* [DIRECTIONS]: A faithful copy of each entry below is expected, with the images removed.

[Dataset entries]
- - - - - - -

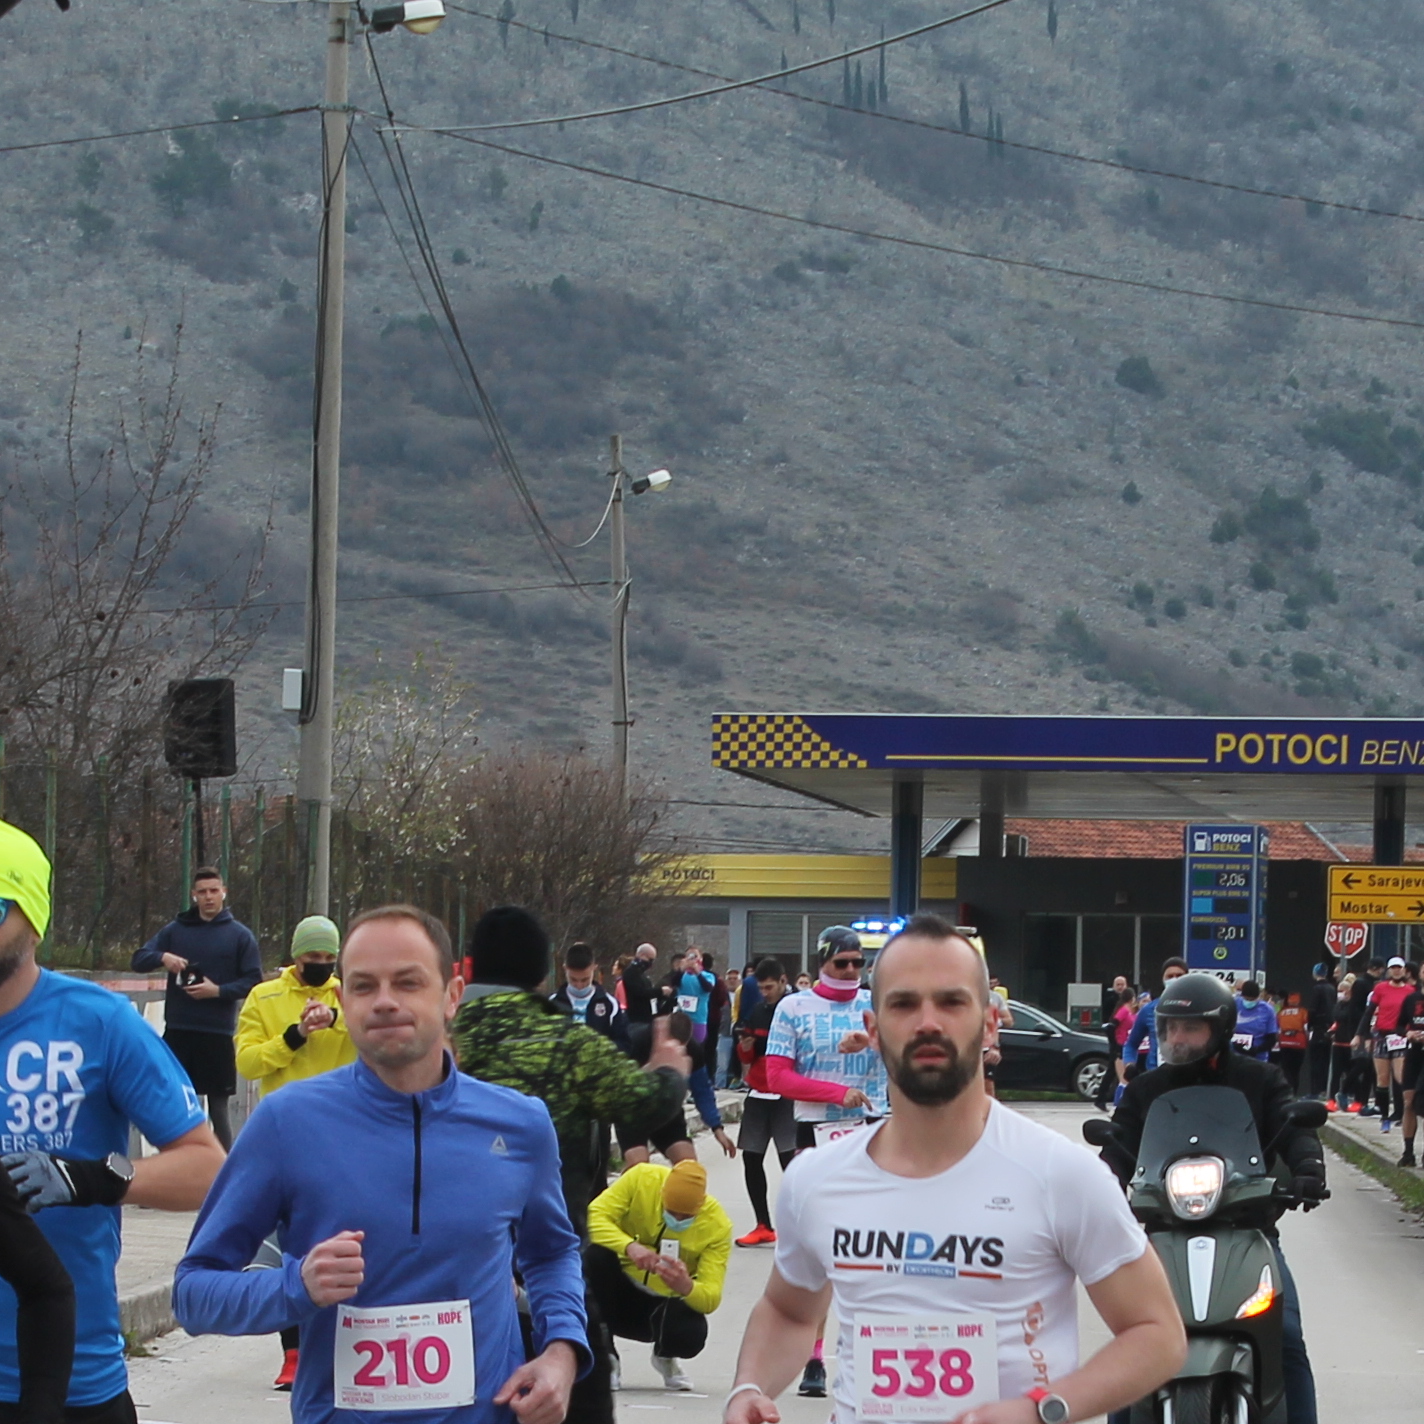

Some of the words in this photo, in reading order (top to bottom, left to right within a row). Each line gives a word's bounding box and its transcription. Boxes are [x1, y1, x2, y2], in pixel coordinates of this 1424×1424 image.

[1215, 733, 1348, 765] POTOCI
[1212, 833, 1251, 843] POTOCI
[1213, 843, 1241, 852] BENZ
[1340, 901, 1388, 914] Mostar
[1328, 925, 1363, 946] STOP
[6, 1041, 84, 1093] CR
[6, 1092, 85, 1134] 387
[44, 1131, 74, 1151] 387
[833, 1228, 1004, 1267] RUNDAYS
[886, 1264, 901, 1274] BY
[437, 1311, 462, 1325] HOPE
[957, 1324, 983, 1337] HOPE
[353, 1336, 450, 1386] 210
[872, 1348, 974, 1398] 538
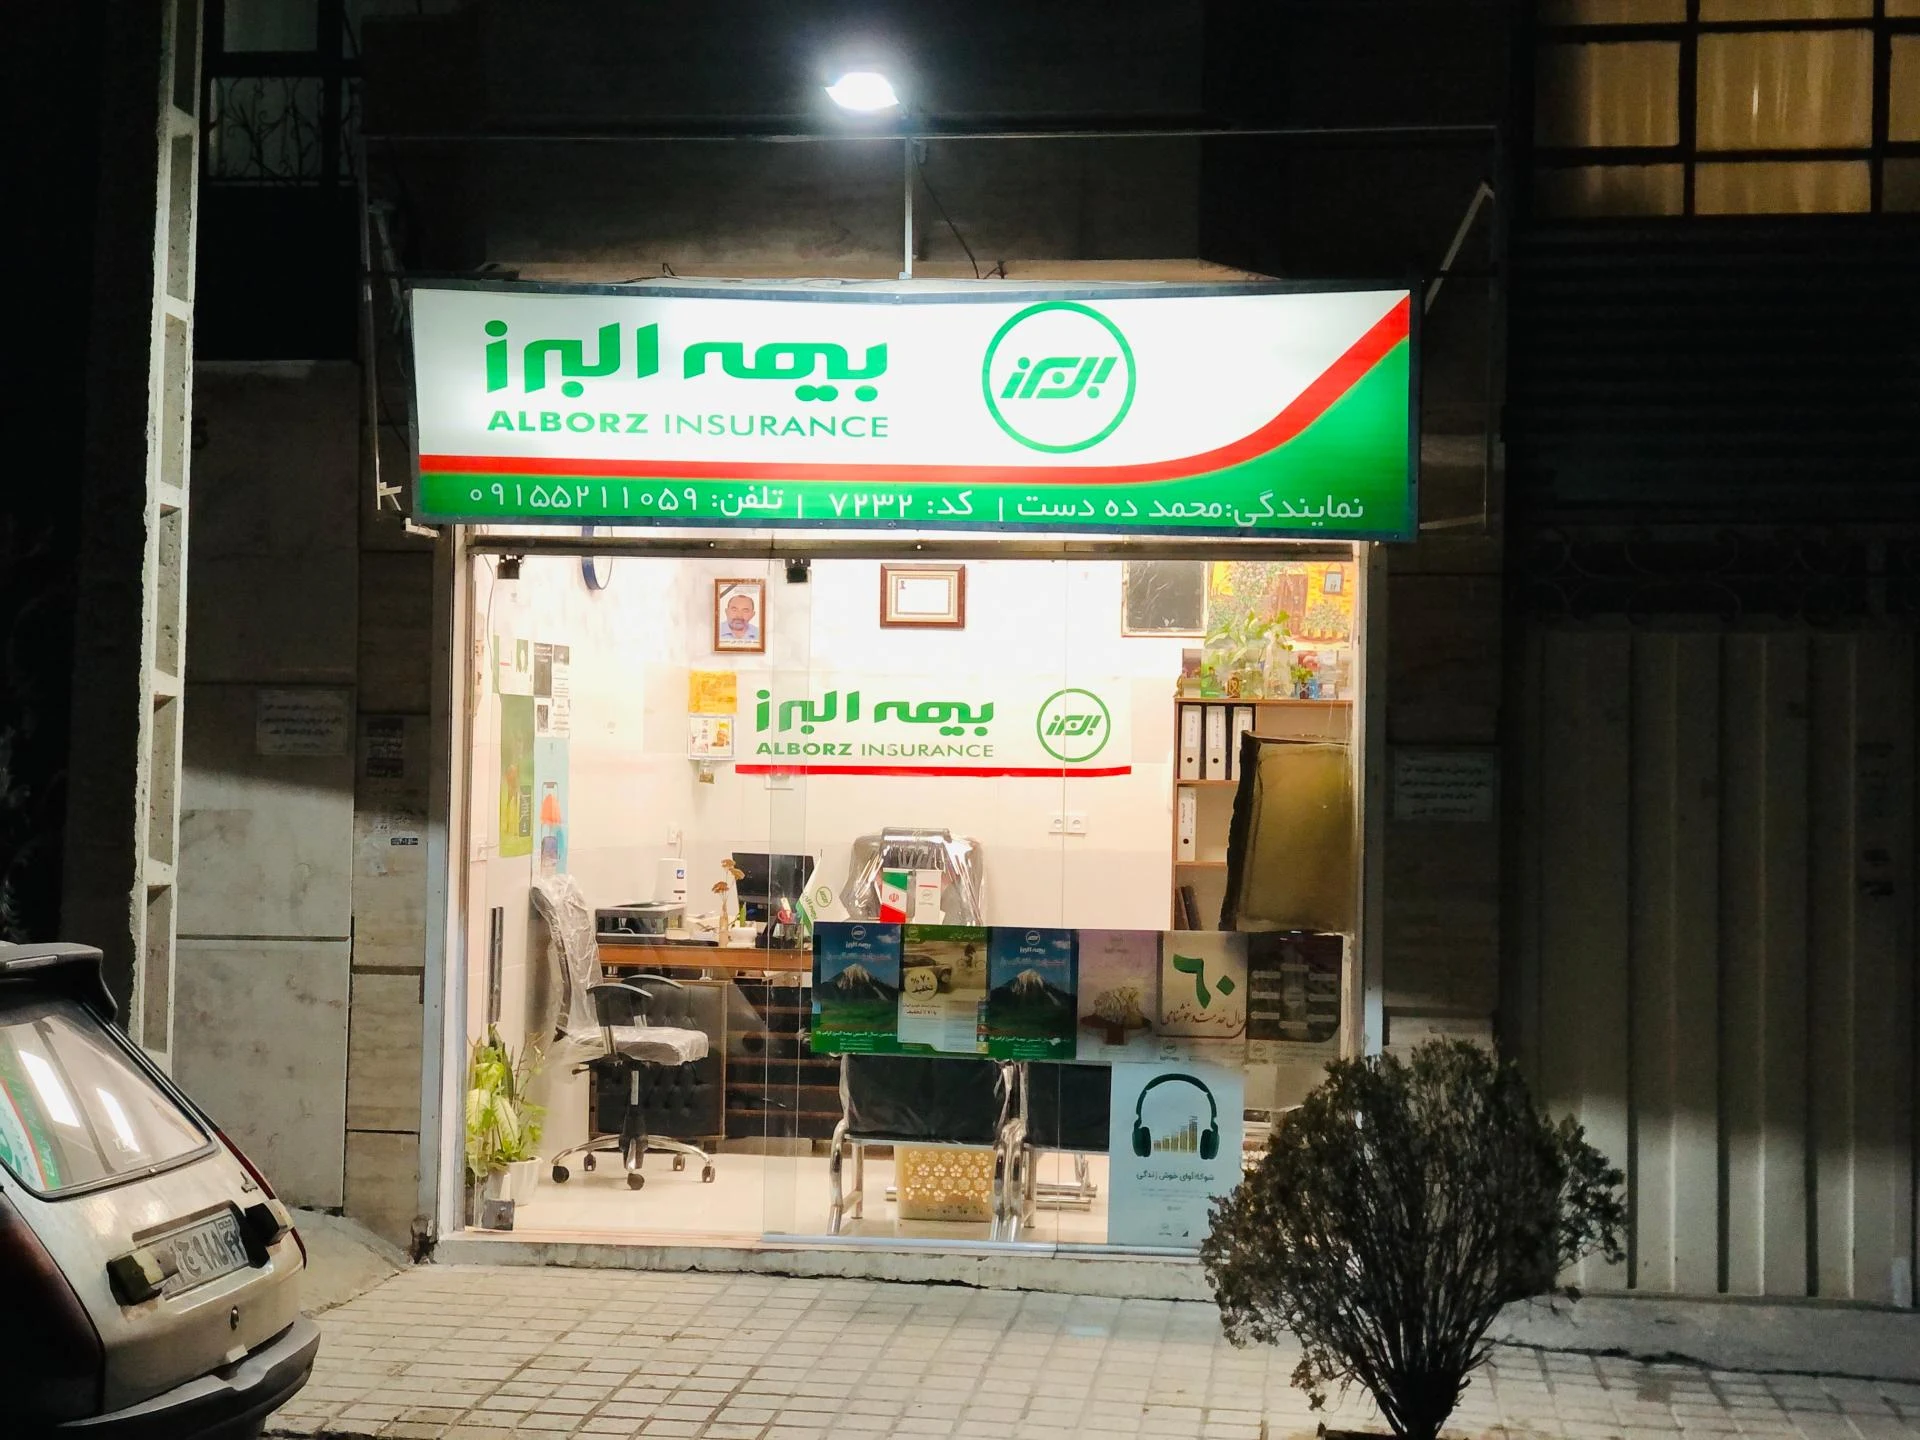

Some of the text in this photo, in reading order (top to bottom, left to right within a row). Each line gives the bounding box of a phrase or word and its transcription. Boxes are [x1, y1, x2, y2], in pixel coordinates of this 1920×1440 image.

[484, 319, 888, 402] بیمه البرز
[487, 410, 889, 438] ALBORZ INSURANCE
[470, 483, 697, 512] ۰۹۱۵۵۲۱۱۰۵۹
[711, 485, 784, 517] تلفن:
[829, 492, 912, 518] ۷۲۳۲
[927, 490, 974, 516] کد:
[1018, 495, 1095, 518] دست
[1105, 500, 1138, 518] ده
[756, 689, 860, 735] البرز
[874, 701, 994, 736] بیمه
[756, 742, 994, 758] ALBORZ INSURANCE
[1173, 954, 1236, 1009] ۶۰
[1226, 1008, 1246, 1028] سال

- - - - - - -

* [TASK RESPONSE]:
Some of the words in this photo, in reading order (top to bottom, left to right within a row). Each line gives a word's bounding box and its transcription. Boxes are [x1, y1, x2, y2], in pixel coordinates of this 1424×1424 image.

[1215, 733, 1348, 765] POTOCI
[1212, 833, 1251, 843] POTOCI
[1213, 843, 1241, 852] BENZ
[1340, 901, 1388, 914] Mostar
[1328, 925, 1363, 946] STOP
[6, 1041, 84, 1093] CR
[6, 1092, 85, 1134] 387
[44, 1131, 74, 1151] 387
[833, 1228, 1004, 1267] RUNDAYS
[886, 1264, 901, 1274] BY
[437, 1311, 462, 1325] HOPE
[957, 1324, 983, 1337] HOPE
[353, 1336, 450, 1386] 210
[872, 1348, 974, 1398] 538

Some of the text in this photo, in reading order (top to bottom, left to right within a row). Each line gives the bounding box of a phrase or word and its transcription. Boxes are [x1, y1, x2, y2], in pixel coordinates of this 1920×1440 image.

[484, 319, 888, 402] بیمه البرز
[487, 410, 889, 438] ALBORZ INSURANCE
[470, 483, 697, 512] ۰۹۱۵۵۲۱۱۰۵۹
[711, 485, 784, 517] تلفن:
[829, 492, 912, 518] ۷۲۳۲
[927, 490, 974, 516] کد:
[1018, 495, 1095, 518] دست
[1105, 500, 1138, 518] ده
[756, 689, 860, 735] البرز
[874, 701, 994, 736] بیمه
[756, 742, 994, 758] ALBORZ INSURANCE
[1173, 954, 1236, 1009] ۶۰
[1226, 1008, 1246, 1028] سال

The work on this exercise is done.